Wednesday, December 8, 2010

This week's TWIP and record world demand for oil

Te EIA released their “This Week in Petroleum” today, with an article on American demand over the past year plotted by month. I had not seen the data presented that way before, and since you may not have, either, here it is:

Change in overall demand in the USA (EIA )

It is spread over two years so that you can see that demand bottomed out in May 2009, and has been rising ever since. As they point out, a growth of almost 1 mbd over last year is a very significant increase in demand, which just about offsets the similar sized drop in demand back a couple of years ago as the crisis began to develop.

If one notes that the plot ends in September, and then goes to the refinery input plot for this past week, that too is kicking up significantly, though at only about half the earlier gain y-o-y.

UPDATE: Because of these evidences of continued rising demand, the IEA has just raised its forecast of demand for next year by another 260,000 bd to 88.8 mbd.

Though in the period between these two points the input reverted to close to being the same as last year.

Gasoline demand does not show as high an increase, with most of the increase in production going into distillates.

That steady increase is a little odd, except that is being used to keep stocks up, given that demand has suddenly dropped off:

(The above figures are from today’s TWIP

At the same time ethanol production has steaily continued to climb to the point where it has now set a new record at 0.939 mbd.

Elsewhere in the world Wood Mackenzie is noting that we appeared to have returned to consumption levels from before the recession.

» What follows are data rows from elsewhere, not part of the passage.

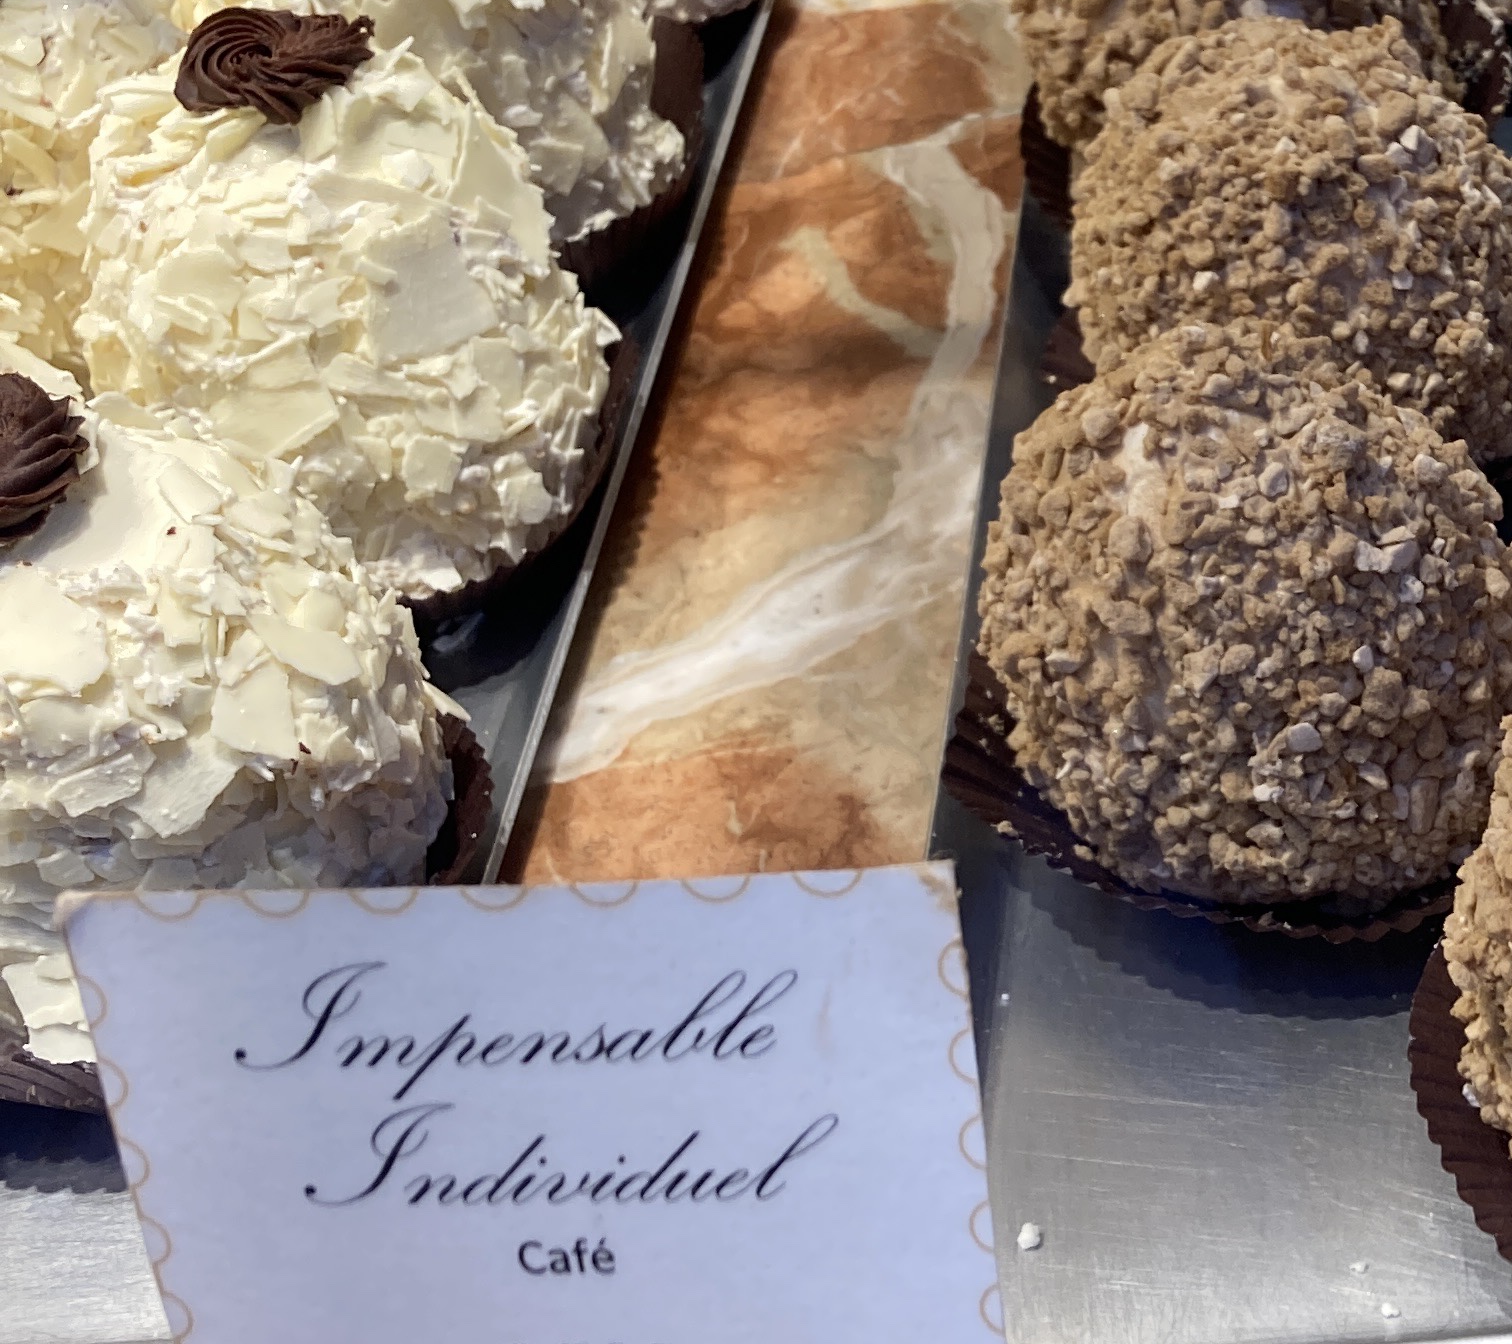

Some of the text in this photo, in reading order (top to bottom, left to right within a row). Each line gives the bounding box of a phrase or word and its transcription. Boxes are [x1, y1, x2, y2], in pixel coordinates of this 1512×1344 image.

[234, 960, 799, 1100] Impensable
[304, 1102, 840, 1208] Individuel
[516, 1235, 617, 1277] Café
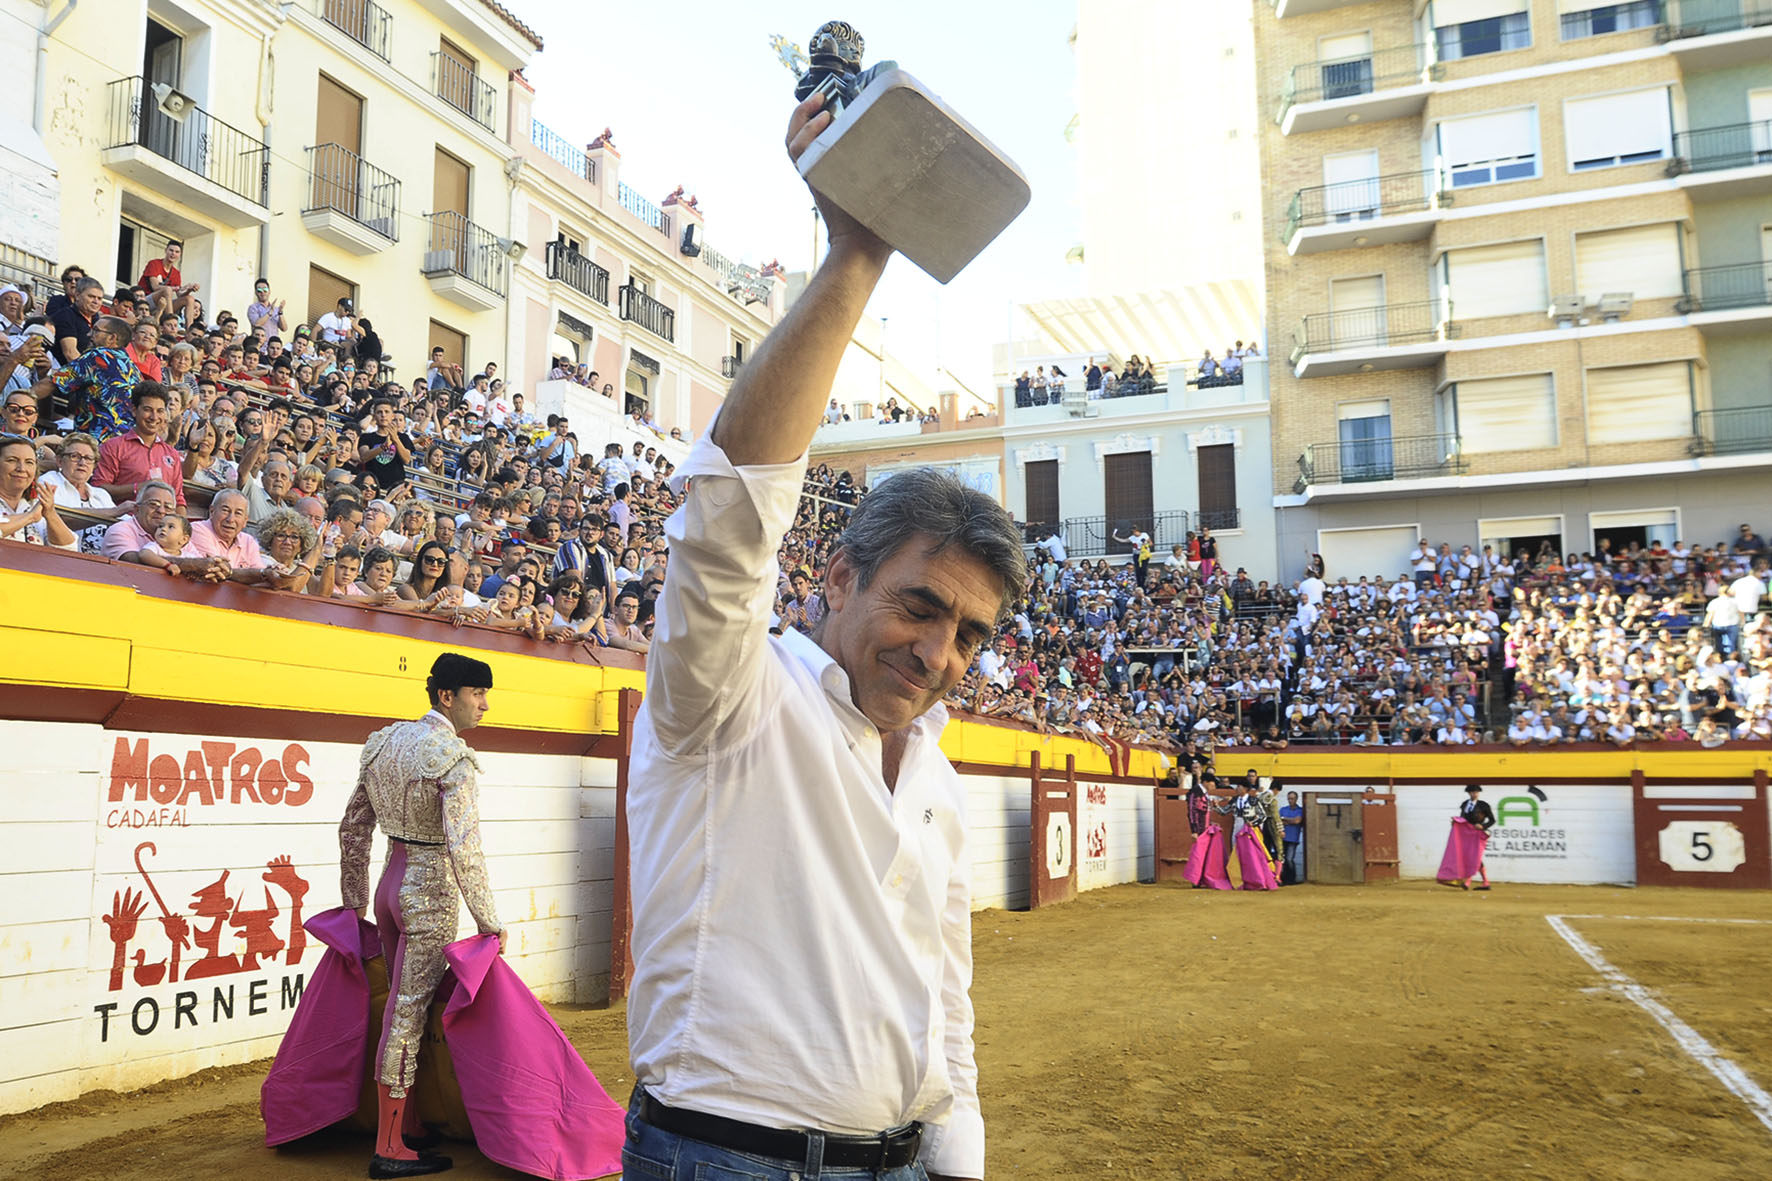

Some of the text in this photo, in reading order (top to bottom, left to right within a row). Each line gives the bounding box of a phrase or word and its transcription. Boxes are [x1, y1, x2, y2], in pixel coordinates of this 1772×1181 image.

[399, 656, 407, 672] 8
[108, 737, 314, 807] MOATROS
[107, 808, 191, 829] CADAFAL
[1327, 804, 1341, 829] 4
[1056, 825, 1063, 866] 3
[1692, 832, 1713, 861] 5
[94, 973, 304, 1043] TORNEM

In fact a new record has been reached:
Worldwide oil demand for this year’s third quarter will set a record at 88.3 million b/d, said Wood Mackenzie Ltd., Edinburgh, in its latest analysis. 

According to the report, provisional data shows that global oil demand for the recent quarter will almost certainly exceed the previous highest quarter—the fourth quarter of 2007—when demand averaged 88 million b/d.

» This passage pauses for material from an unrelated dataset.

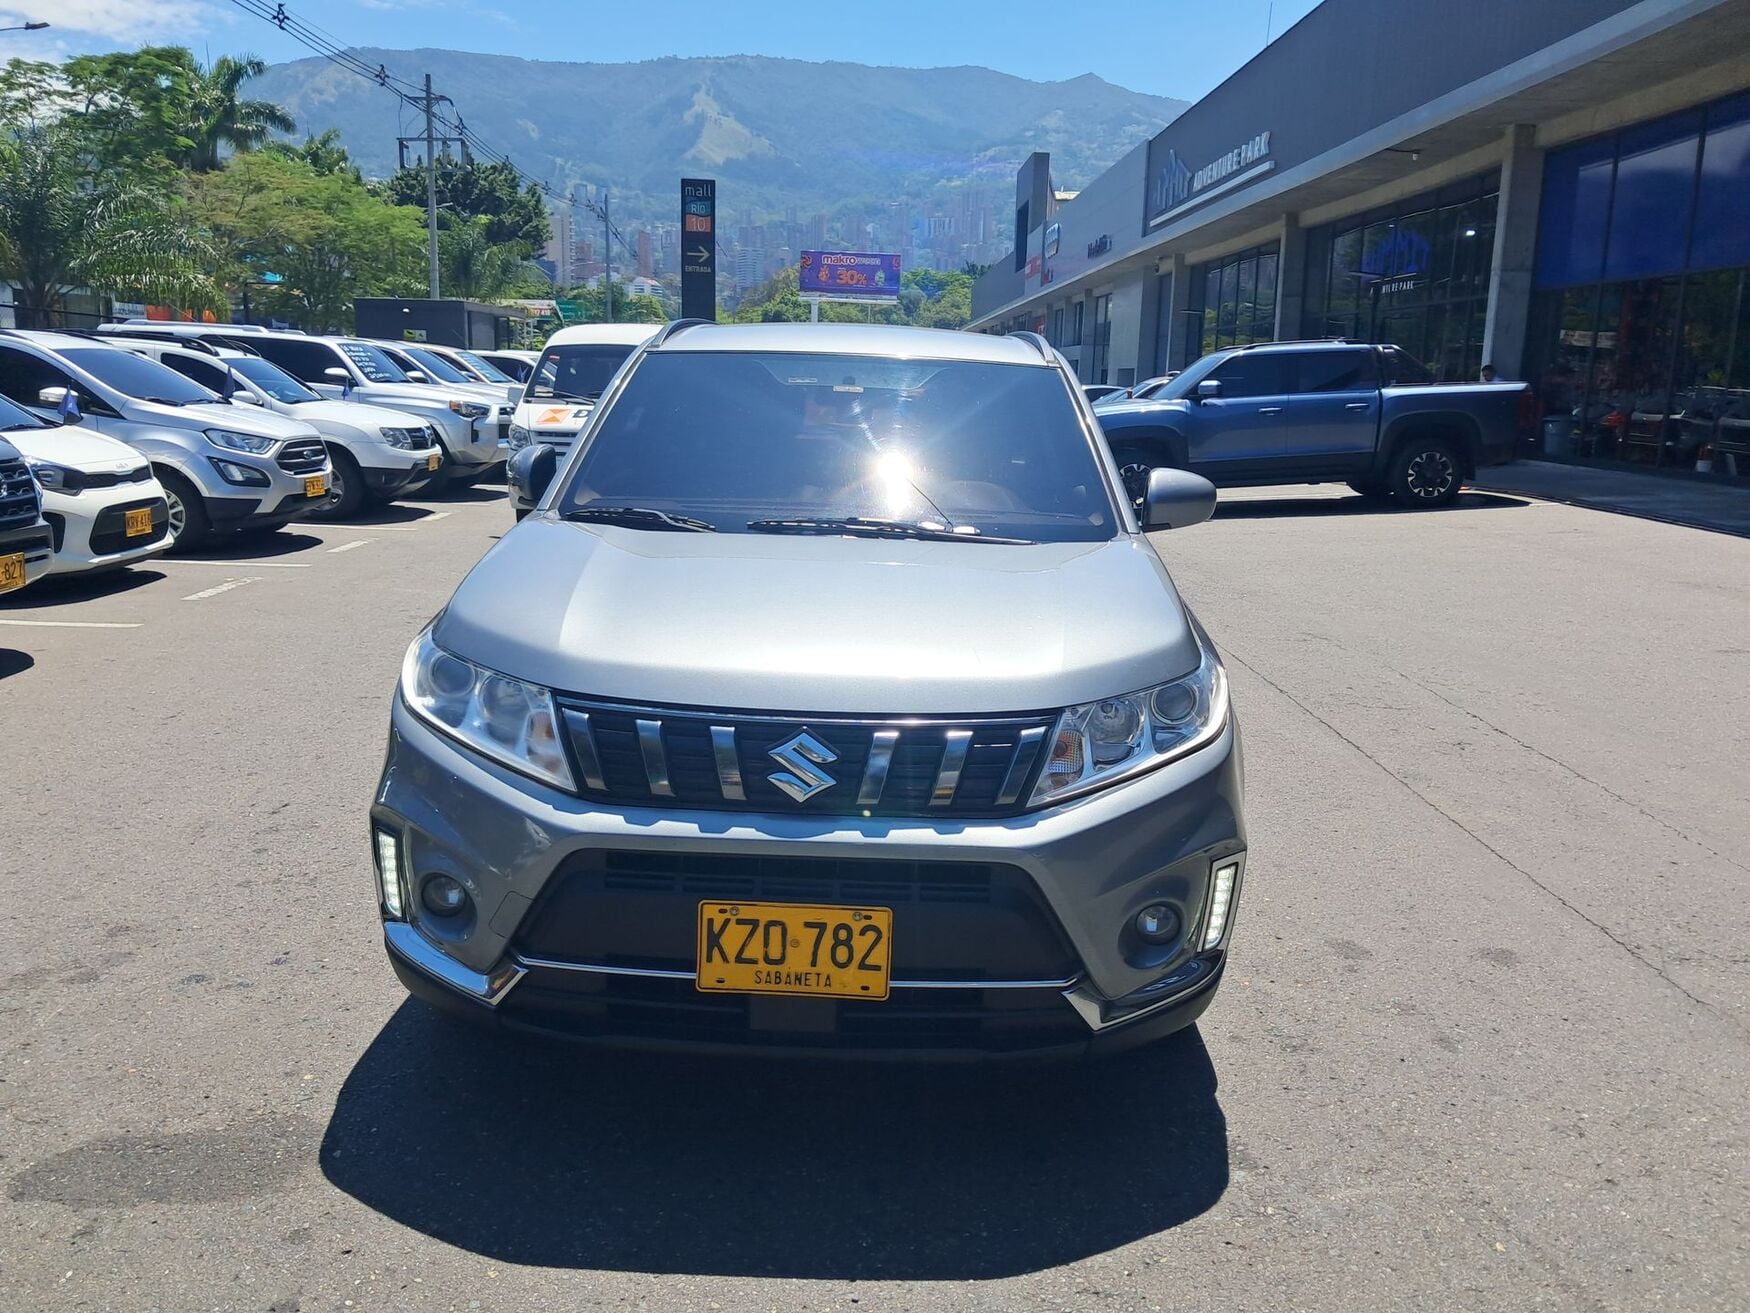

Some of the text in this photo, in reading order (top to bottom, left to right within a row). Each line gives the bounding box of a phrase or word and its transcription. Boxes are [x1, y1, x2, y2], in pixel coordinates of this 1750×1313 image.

Just 3 years from the onset of the great recession, global oil demand has recovered to the pre-recession peak seen in 2007, the report said.
The IEA is predicting that this new level will be close to the average demand for the whole of 2011 but it may be that those predictions are already behind the times.

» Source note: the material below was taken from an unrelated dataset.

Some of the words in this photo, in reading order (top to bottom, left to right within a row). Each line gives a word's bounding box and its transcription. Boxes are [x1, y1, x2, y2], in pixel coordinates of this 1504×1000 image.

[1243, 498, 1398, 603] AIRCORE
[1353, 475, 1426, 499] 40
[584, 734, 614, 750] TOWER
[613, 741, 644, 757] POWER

Assuming that this is the case, then the talk of seeing crude over $100/bbl in the near future is likely to become more true than less. Not that this will cause much concern among the OPEC ministers soon to meet in Ecuador, and certainly it is not going to be a concern if, as Lybia’s minister predicts, oil reaches the $100 figure. Should that occur it might be that quotas get loosened a little, but that is unlikely to occur before the next meeting next June. Which might suggest that the projection of $100 oil may be exceeded quite a bit sooner than most people think. There is, after all, only so much oil still stored around the world in tankers.